▶ Work item
Copy out the entries that follow exactly, leaving every picture behind.

▶ Dataset content

******

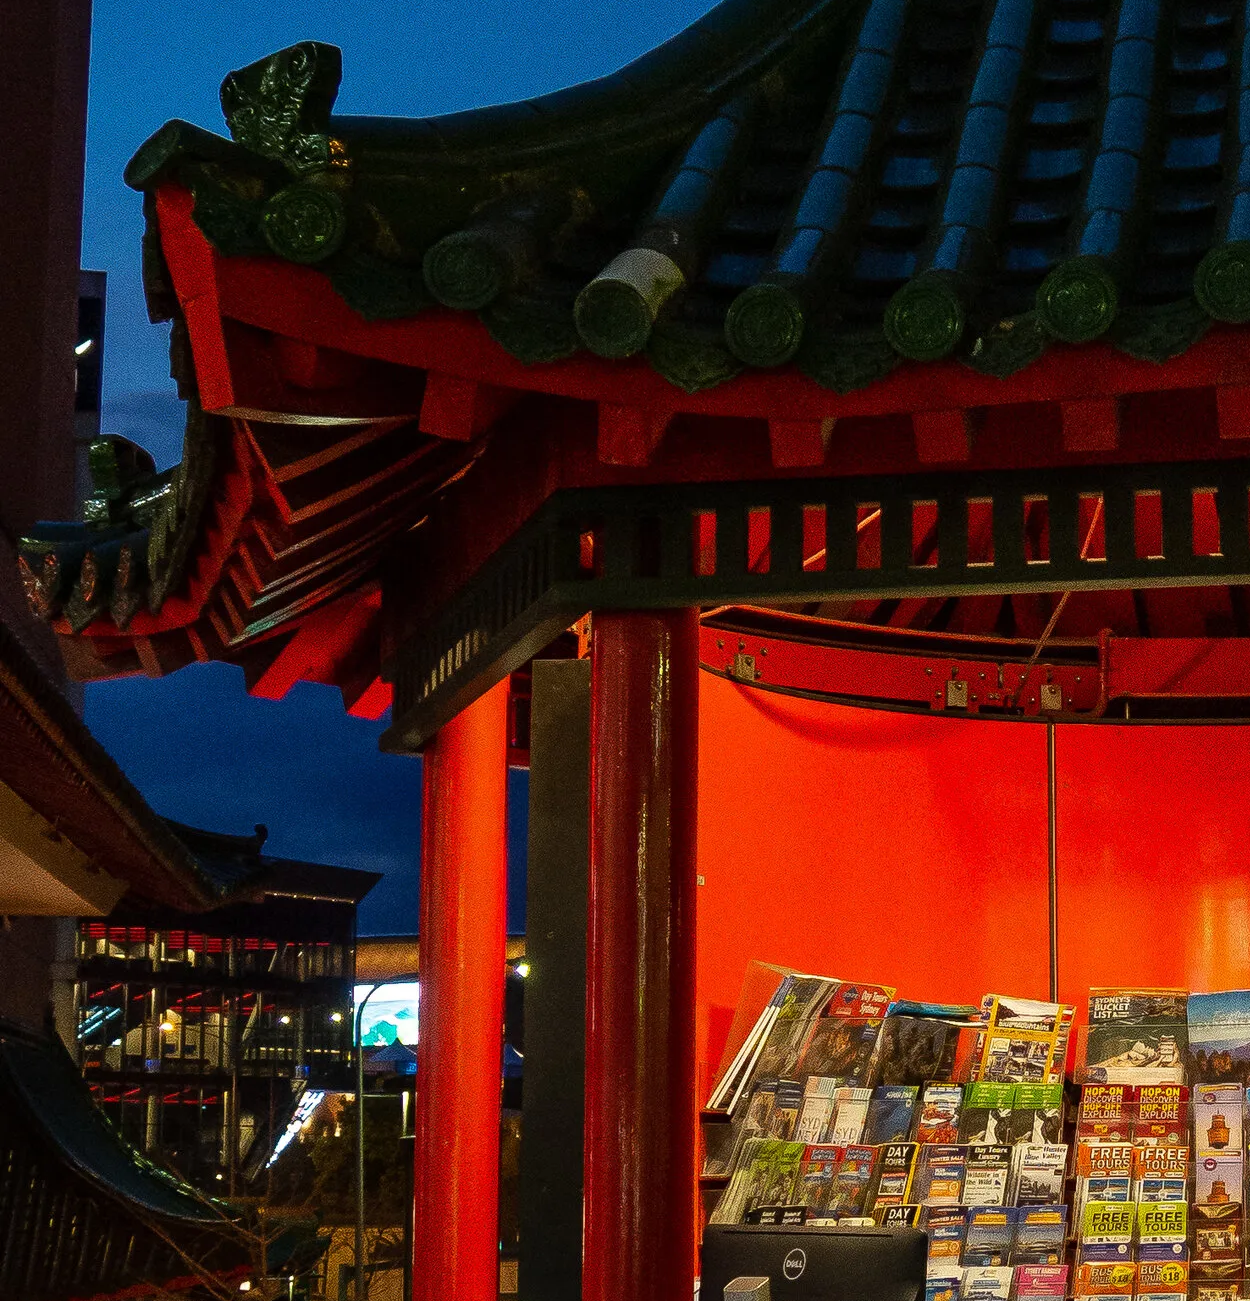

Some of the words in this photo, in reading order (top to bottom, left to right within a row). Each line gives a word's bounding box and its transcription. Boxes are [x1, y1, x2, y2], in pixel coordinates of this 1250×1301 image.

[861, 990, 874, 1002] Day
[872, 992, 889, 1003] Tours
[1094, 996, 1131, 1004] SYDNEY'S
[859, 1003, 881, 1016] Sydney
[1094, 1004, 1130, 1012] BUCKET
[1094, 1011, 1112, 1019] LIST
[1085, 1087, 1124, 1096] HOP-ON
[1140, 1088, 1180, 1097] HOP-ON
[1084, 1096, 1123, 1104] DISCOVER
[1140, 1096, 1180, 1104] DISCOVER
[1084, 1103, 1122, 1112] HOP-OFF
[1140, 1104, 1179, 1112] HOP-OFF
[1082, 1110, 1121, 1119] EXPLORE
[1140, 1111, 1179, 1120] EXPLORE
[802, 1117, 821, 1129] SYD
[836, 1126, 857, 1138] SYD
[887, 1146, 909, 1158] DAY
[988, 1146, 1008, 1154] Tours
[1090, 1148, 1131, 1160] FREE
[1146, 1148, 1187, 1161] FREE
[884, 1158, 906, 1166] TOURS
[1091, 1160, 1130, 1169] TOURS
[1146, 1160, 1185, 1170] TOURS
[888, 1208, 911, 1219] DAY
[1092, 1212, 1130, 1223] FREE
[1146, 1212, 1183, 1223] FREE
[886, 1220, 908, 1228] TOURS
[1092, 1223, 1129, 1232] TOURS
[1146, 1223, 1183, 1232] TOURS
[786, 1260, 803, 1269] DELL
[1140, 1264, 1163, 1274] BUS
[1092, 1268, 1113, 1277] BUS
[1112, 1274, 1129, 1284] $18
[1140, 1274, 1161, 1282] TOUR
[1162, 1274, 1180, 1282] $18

******

▶ Answer for the task
Some of the words in this photo, in reading order (top to bottom, left to right within a row). Each line gives a word's bounding box and its transcription. Boxes are [x1, y1, x2, y2], in pixel coordinates of this 1250×1301 image.

[861, 990, 874, 1002] Day
[872, 992, 889, 1003] Tours
[1094, 996, 1131, 1004] SYDNEY'S
[859, 1003, 881, 1016] Sydney
[1094, 1004, 1130, 1012] BUCKET
[1094, 1011, 1112, 1019] LIST
[1085, 1087, 1124, 1096] HOP-ON
[1140, 1088, 1180, 1097] HOP-ON
[1084, 1096, 1123, 1104] DISCOVER
[1140, 1096, 1180, 1104] DISCOVER
[1084, 1103, 1122, 1112] HOP-OFF
[1140, 1104, 1179, 1112] HOP-OFF
[1082, 1110, 1121, 1119] EXPLORE
[1140, 1111, 1179, 1120] EXPLORE
[802, 1117, 821, 1129] SYD
[836, 1126, 857, 1138] SYD
[887, 1146, 909, 1158] DAY
[988, 1146, 1008, 1154] Tours
[1090, 1148, 1131, 1160] FREE
[1146, 1148, 1187, 1161] FREE
[884, 1158, 906, 1166] TOURS
[1091, 1160, 1130, 1169] TOURS
[1146, 1160, 1185, 1170] TOURS
[888, 1208, 911, 1219] DAY
[1092, 1212, 1130, 1223] FREE
[1146, 1212, 1183, 1223] FREE
[886, 1220, 908, 1228] TOURS
[1092, 1223, 1129, 1232] TOURS
[1146, 1223, 1183, 1232] TOURS
[786, 1260, 803, 1269] DELL
[1140, 1264, 1163, 1274] BUS
[1092, 1268, 1113, 1277] BUS
[1112, 1274, 1129, 1284] $18
[1140, 1274, 1161, 1282] TOUR
[1162, 1274, 1180, 1282] $18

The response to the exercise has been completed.